**Instructions for the task**
An exact transcript of the records is what this task asks for.
*** Block opens ***
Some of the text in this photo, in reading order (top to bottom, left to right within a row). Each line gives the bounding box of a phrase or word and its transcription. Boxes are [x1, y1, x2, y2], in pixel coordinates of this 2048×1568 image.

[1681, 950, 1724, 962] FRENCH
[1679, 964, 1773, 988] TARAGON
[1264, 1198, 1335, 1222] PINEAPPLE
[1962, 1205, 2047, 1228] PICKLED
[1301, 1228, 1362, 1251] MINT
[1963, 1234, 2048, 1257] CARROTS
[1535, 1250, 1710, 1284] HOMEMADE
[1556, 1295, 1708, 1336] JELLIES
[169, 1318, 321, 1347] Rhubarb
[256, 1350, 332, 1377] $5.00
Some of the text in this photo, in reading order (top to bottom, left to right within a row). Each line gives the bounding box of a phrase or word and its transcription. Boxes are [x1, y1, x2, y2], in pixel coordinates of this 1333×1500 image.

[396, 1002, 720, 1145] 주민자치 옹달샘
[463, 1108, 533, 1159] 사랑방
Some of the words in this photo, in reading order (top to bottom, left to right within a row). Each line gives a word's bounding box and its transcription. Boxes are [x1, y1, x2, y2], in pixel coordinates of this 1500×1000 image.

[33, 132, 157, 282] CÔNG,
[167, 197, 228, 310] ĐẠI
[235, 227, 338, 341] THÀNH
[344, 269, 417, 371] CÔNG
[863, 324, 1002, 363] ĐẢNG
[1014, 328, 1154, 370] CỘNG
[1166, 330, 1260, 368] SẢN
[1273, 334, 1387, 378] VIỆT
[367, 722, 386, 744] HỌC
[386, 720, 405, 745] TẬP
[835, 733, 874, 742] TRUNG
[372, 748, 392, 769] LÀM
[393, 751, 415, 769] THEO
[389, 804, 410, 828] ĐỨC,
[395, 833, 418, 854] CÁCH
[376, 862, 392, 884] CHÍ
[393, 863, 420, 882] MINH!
*** Block closes ***
**Response to this task**
Some of the text in this photo, in reading order (top to bottom, left to right within a row). Each line gives the bounding box of a phrase or word and its transcription. Boxes are [x1, y1, x2, y2], in pixel coordinates of this 2048×1568 image.

[1681, 950, 1724, 962] FRENCH
[1679, 964, 1773, 988] TARAGON
[1264, 1198, 1335, 1222] PINEAPPLE
[1962, 1205, 2047, 1228] PICKLED
[1301, 1228, 1362, 1251] MINT
[1963, 1234, 2048, 1257] CARROTS
[1535, 1250, 1710, 1284] HOMEMADE
[1556, 1295, 1708, 1336] JELLIES
[169, 1318, 321, 1347] Rhubarb
[256, 1350, 332, 1377] $5.00
Some of the text in this photo, in reading order (top to bottom, left to right within a row). Each line gives the bounding box of a phrase or word and its transcription. Boxes are [x1, y1, x2, y2], in pixel coordinates of this 1333×1500 image.

[396, 1002, 720, 1145] 주민자치 옹달샘
[463, 1108, 533, 1159] 사랑방
Some of the words in this photo, in reading order (top to bottom, left to right within a row). Each line gives a word's bounding box and its transcription. Boxes are [x1, y1, x2, y2], in pixel coordinates of this 1500×1000 image.

[33, 132, 157, 282] CÔNG,
[167, 197, 228, 310] ĐẠI
[235, 227, 338, 341] THÀNH
[344, 269, 417, 371] CÔNG
[863, 324, 1002, 363] ĐẢNG
[1014, 328, 1154, 370] CỘNG
[1166, 330, 1260, 368] SẢN
[1273, 334, 1387, 378] VIỆT
[367, 722, 386, 744] HỌC
[386, 720, 405, 745] TẬP
[835, 733, 874, 742] TRUNG
[372, 748, 392, 769] LÀM
[393, 751, 415, 769] THEO
[389, 804, 410, 828] ĐỨC,
[395, 833, 418, 854] CÁCH
[376, 862, 392, 884] CHÍ
[393, 863, 420, 882] MINH!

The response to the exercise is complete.